SCREENS AND DRAWS:** The Bengals backed off quarterback Gus Frerotte from throwing during Sunday's second practice after he threw in the morning session and in Saturday's practice. He said it was "just precautionary," after his first stint of back-to-back hard throwing since reconstructive shoulder surgery.

"There's no pain," Frerotte said. "But why push it? The season doesn't start for four months." Frerotte came from Denver, where Steve Beuerlein has missed two straight workouts after pain in his surgically repaired elbow derailed his comeback . . .

First-round pick Levi Jones continues to look good, but the one question hanging over him (can the 310-pound left tackle handle the bull rush?) won't begin to be answered until the pads go on July 26 at Georgetown College. . .

Jones' Arizona State teammate, guard Victor Leyva, is back after attending Friday's White House reception honoring Mexican Independence. Leyva introduced himself to President and Mrs. Bush in a reception line and had his picture taken with them.

"I told him I played for the Cincinnati Bengals and we shook hands, but, no, there was no small talk," Leyva said.. "He's on a pretty tight schedule, but it was a thrill. I hope they can get that picture up here."

Leyva, born in Mexico and raised in California from age 3, savored meeting his first president. The closest he came before the trip to the East Room was a few years ago, "when Clinton came to Arizona State and I was there, but you couldn't get near him." . . .

Backup left tackle John Jackson returned to practice Sunday following the death of his father over the weekend. . .
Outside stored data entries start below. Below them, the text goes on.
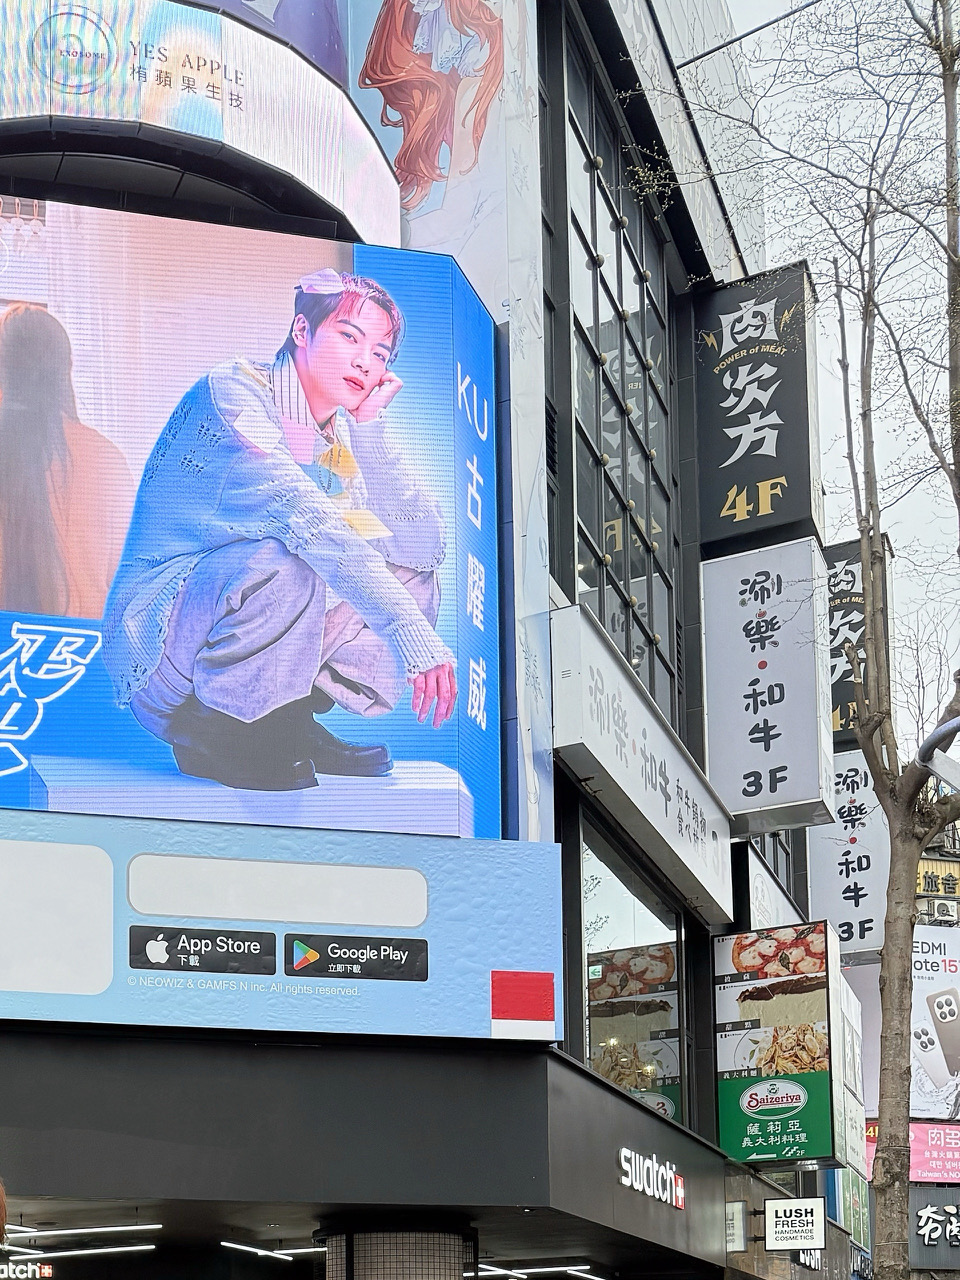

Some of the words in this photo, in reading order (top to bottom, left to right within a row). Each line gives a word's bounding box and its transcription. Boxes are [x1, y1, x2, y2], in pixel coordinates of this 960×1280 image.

[129, 40, 168, 63] YES
[181, 54, 245, 87] APPLE
[713, 348, 748, 375] POWER
[749, 346, 760, 355] of
[760, 343, 788, 356] MEAT
[719, 475, 788, 522] 4F
[741, 765, 788, 798] 3F
[838, 918, 874, 942] 3F
[177, 935, 213, 953] App
[215, 936, 261, 955] Store
[327, 943, 379, 963] Google
[380, 945, 409, 964] Play
[912, 941, 947, 955] EDMI
[177, 954, 200, 967] 下載
[327, 963, 362, 975] 立即下載
[913, 958, 940, 972] ote
[941, 958, 960, 973] 15
[139, 976, 184, 989] NEOWIZ
[186, 979, 194, 989] &
[269, 981, 283, 993] All
[284, 982, 314, 998] rights
[315, 985, 361, 997] reserved.
[745, 1092, 802, 1110] Saizeriya
[746, 1119, 803, 1136] 薩莉亞
[741, 1132, 809, 1148] 義大利料理
[619, 1147, 677, 1208] swatch
[774, 1208, 814, 1219] LUSH
[774, 1218, 814, 1229] FRESH
[774, 1228, 814, 1236] HANDMADE
BOOKER COMES BACK: At 34, defensive end Vaughn Booker admitted he thought about hanging it up this offseason. He said he's got another year left in his body and he wanted to come back to a defense that had no turnover in its starting lineup.

"That's never happened to me

in my (nine seasons) years in the league," Booker said. "Where no player on defense left. That's another reason I wanted to come back. I'm excited about the players we have on defense and what we can accomplish this year. Plus, the coaches wanted me back and that's always satisfying."
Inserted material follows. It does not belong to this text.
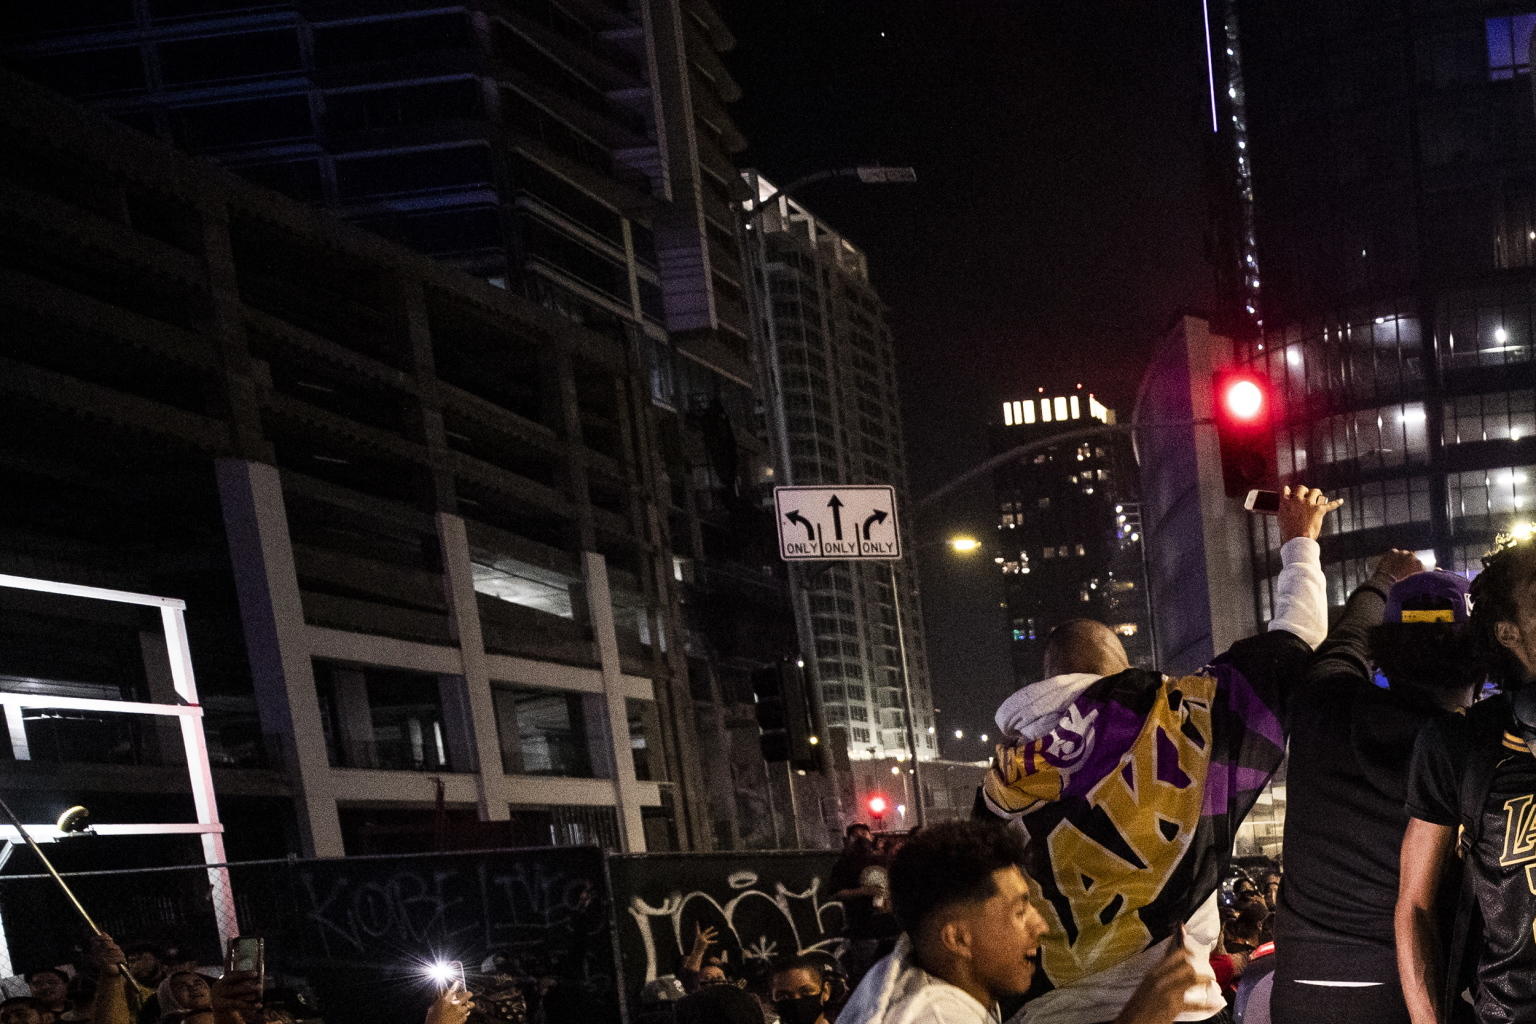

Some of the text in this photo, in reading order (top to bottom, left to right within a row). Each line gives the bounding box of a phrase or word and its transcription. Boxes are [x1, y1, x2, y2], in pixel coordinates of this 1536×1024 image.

[786, 541, 894, 555] ONLY ONLY ONLY
Booker, who has three years left on his contract, hinted this very well could be his last season. He has never said he is a workout warrior and admitted he hasn't done much this offseason.

"No, no," Booker said. "But when I have to be ready , I'll be ready. This is the offseason. To me football is attention to detail on Sunday. When the ball is snapped, football is 22 guys on the field trying to beat the hell out of each other."